Alltägliches im Süden von Chicago - inklusive Bandenkriegen, Raubüberfällen und Schießereien.

Ein narratives Erlebnis mit stark veralteter Technik. Bei näherem Hinsehen: Eine Erzählung über einen schlimmen Alltag ohne Ausweg.

In Videospielen neige ich häufig dazu, als Draufgänger zu agieren, falls mir das Spiel die Wahl gibt. Ich gehe kaum einem Konflikt aus dem Weg, wenn mir ein NPC blöd kommt, ich lasse mich nicht ungerecht behandeln - im Notfall kann ich schließlich immer noch neu laden. Anders ging es mir komischerweise bei We Are Chicago, eine interaktive Erzählung, bei der es sich Entwickler Culture Shock Games zur Aufgabe gemacht hat, das unerfreuliche Leben als Afroamerikaner im Süden der namensgebenden Metropole zu thematisieren. Hier kommen mir auf der Straße Gangmitglieder entgegen, die ich als Spieler noch nicht einmal kenne. Und doch wechsle ich ehrfurchtsvoll die Straßenseite, ohne auch nur darüber nachzudenken.
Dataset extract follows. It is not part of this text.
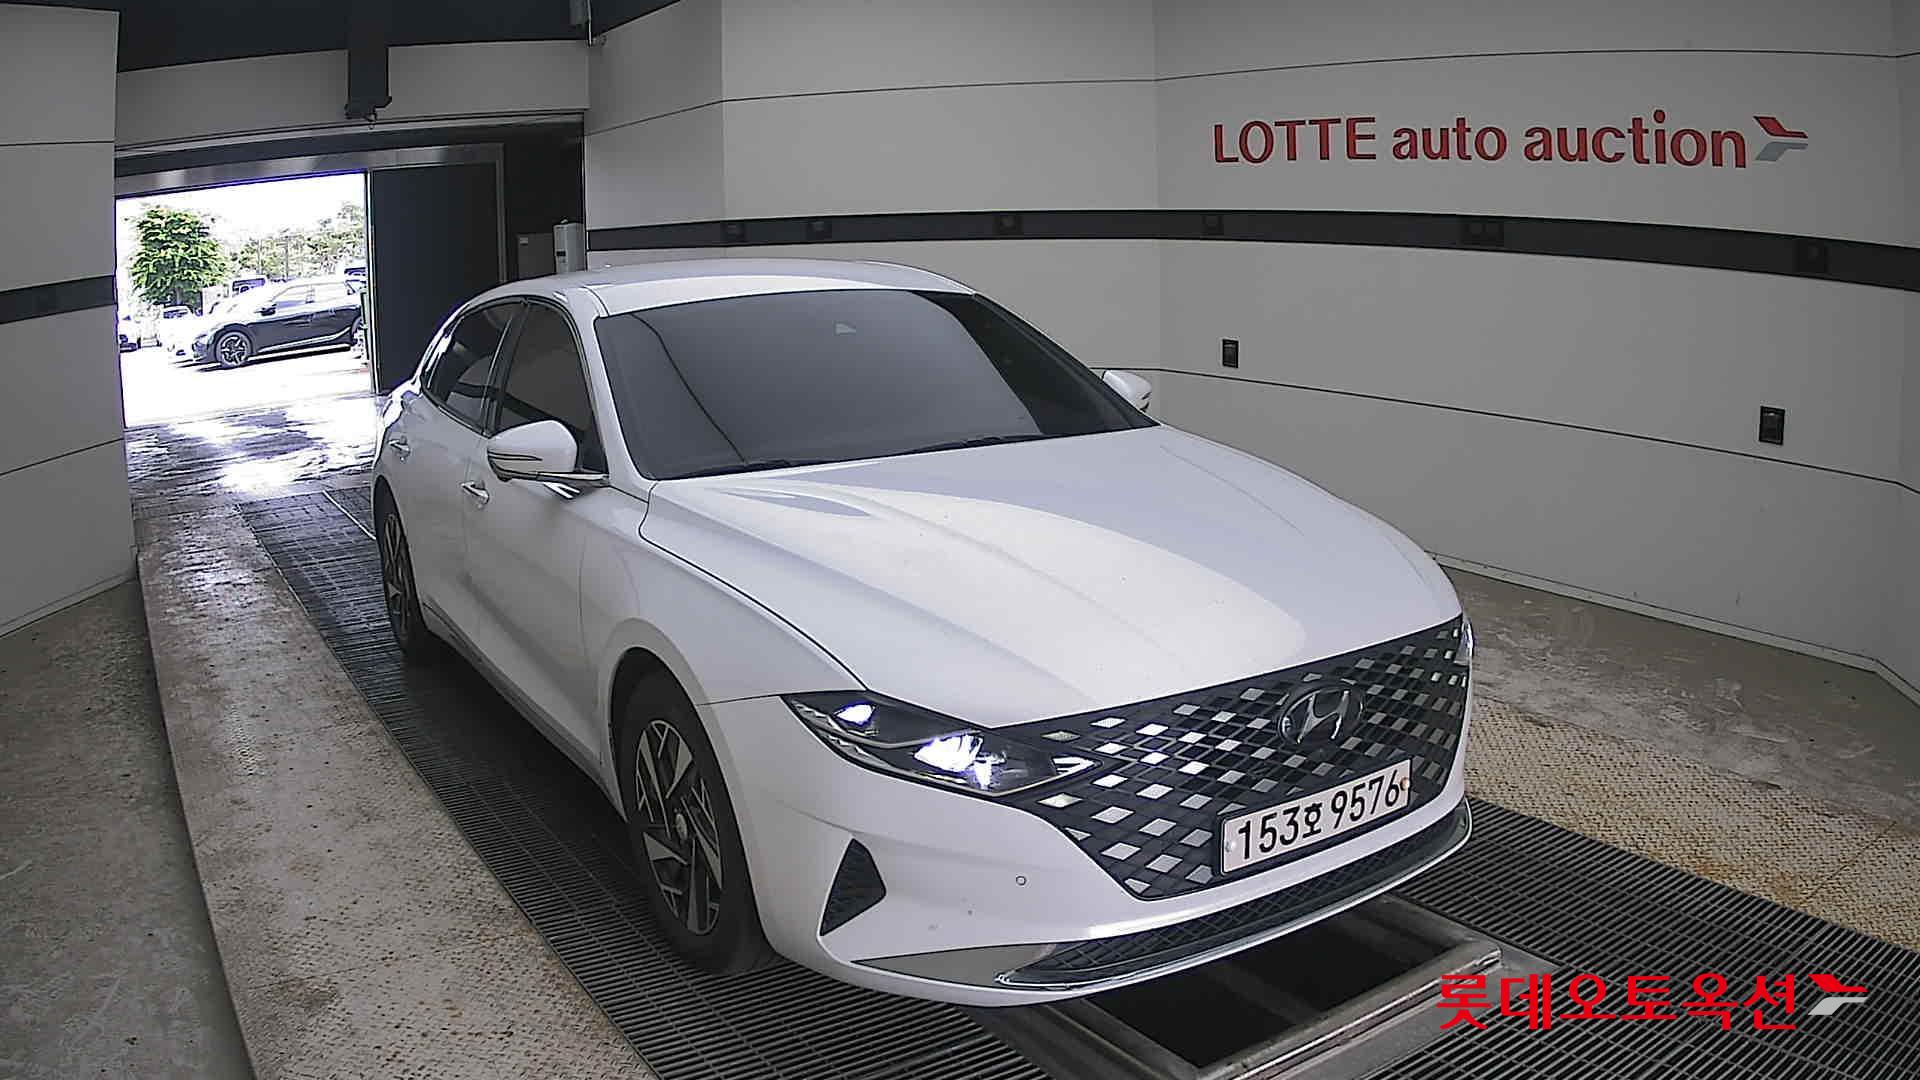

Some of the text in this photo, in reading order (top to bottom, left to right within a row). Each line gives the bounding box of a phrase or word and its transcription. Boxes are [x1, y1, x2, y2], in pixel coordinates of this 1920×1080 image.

[1213, 109, 1747, 169] LOTTE auto auction
[1238, 769, 1400, 860] 153호 9576
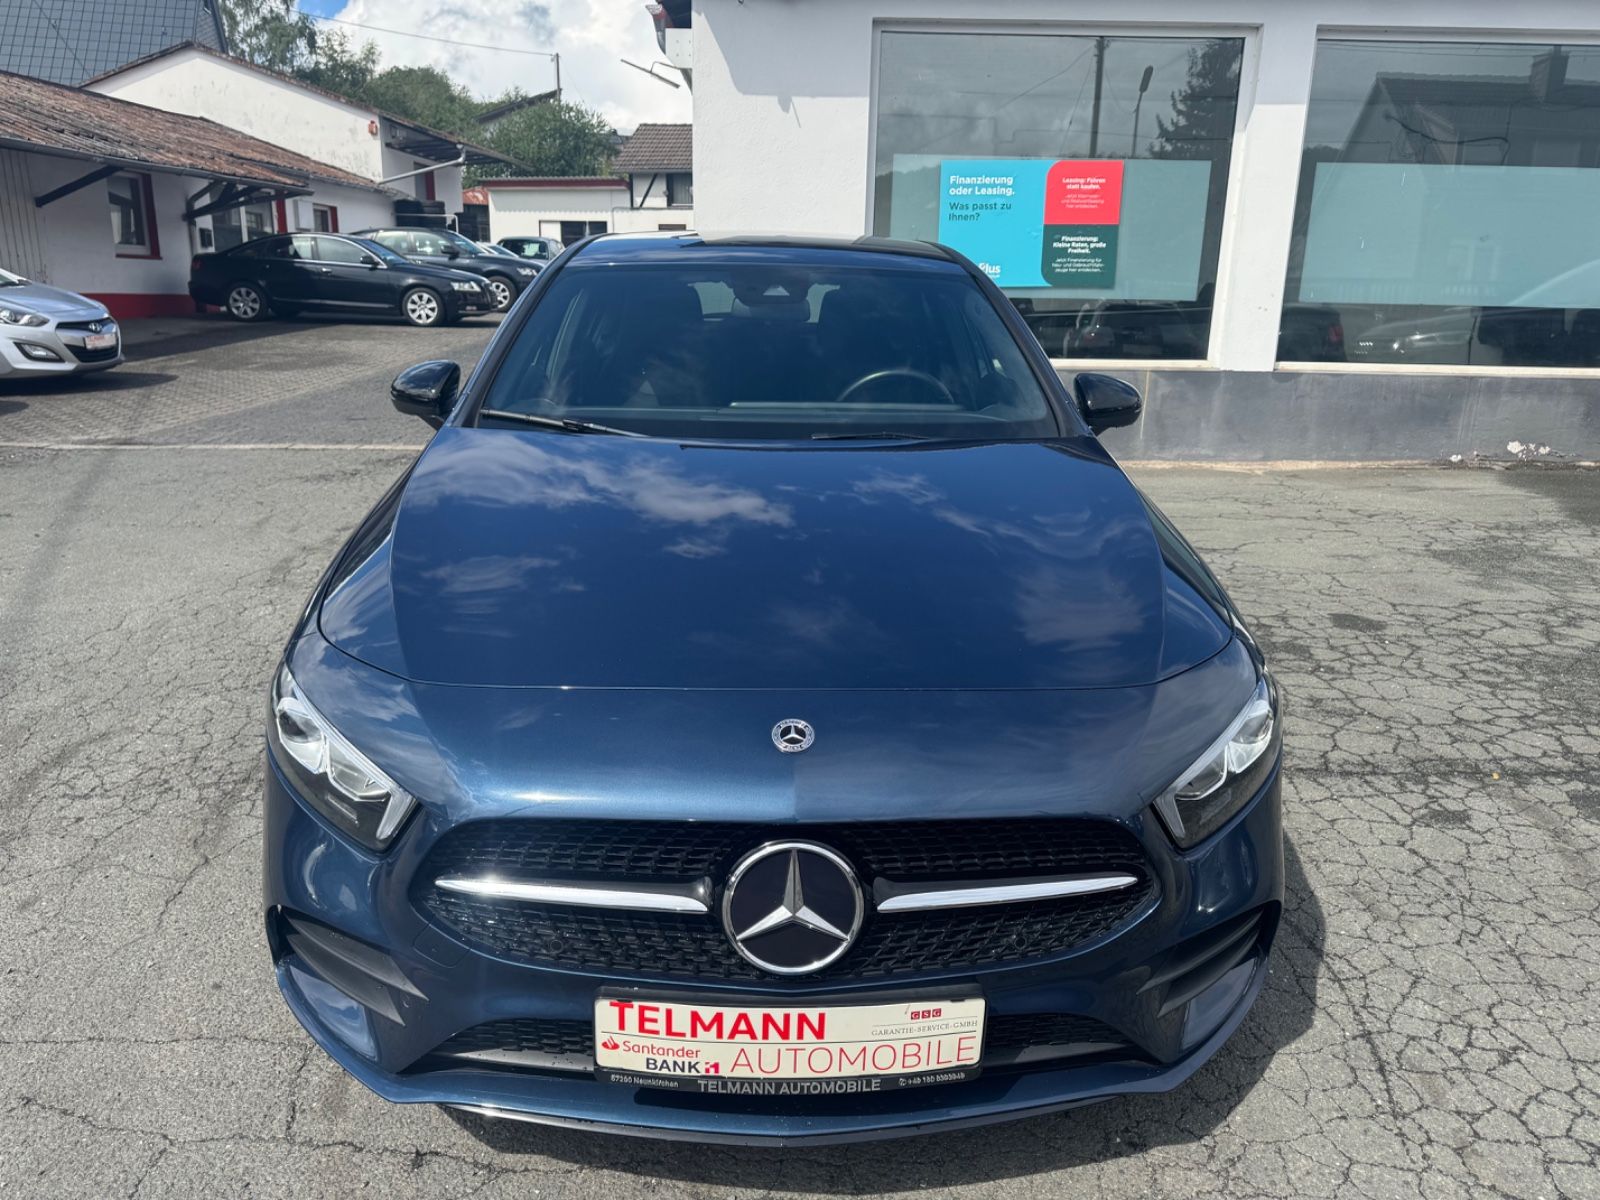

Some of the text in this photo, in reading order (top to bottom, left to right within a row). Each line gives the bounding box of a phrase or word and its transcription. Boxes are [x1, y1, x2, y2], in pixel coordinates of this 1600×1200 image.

We are Chicago lässt sich spielerisch am ehesten in der Nähe von Titeln wie Life is Strange oder den jüngsten Telltale-Veröffentlichungen einordnen. Systemisches Gameplay im eigentlichen Sinne fehlt nahezu komplett, stattdessen konzentriert sich das Spiel ganz auf seine Geschichte. In We Are Chicago schlüpft ihr in die Haut von Aaron, der gerade dabei ist, seinen Schulabschluss zu machen, und der gemeinsam mit seiner kleinen Schwester von seiner Mutter in einem kleinen Haus allein großgezogen wird. Die Familiensituation wäre an sich kein Problem, wäre da nicht das Umfeld. Gangs bekriegen sich auf den Straßen, Faust, Messer und Pistole sitzen locker und, wie Aarons Mutter sinngemäß sagt: "Man hört nicht halb so oft Polizeisirenen wie Schüsse auf der Straße."

Die Straßen von Chicago sind der Hauptschauplatz des Spiels.

We Are Chicago hat bei all dieser Tristesse gar keine große, allumfassende Geschichte. Viel mehr ist es die Aufgabe des Spielers, den Alltag zu meistern. Die Schule zu überstehen, die kleine Schwester Taylor abzuholen und nach Hause zu bringen. Und immer wieder schwierige Entscheidungen zu treffen: Taylor liebt den örtlichen Park mit dem Spielplatz, aber dort hinzugehen ist nicht ganz ungefährlich - denn eben dort treffen sich auch die Gangs. Wenn der Chef möchte, dass man am Abend noch zur Nachtschicht im Schnellimbiss erscheint, mag das einfach verdientes zusätzliches Geld sein, aber es bedeutet auch, dass Aaron bei Dunkelheit nach Hause gehen muss - und wo Aaron wohnt, ist das nicht gerade empfehlenswert.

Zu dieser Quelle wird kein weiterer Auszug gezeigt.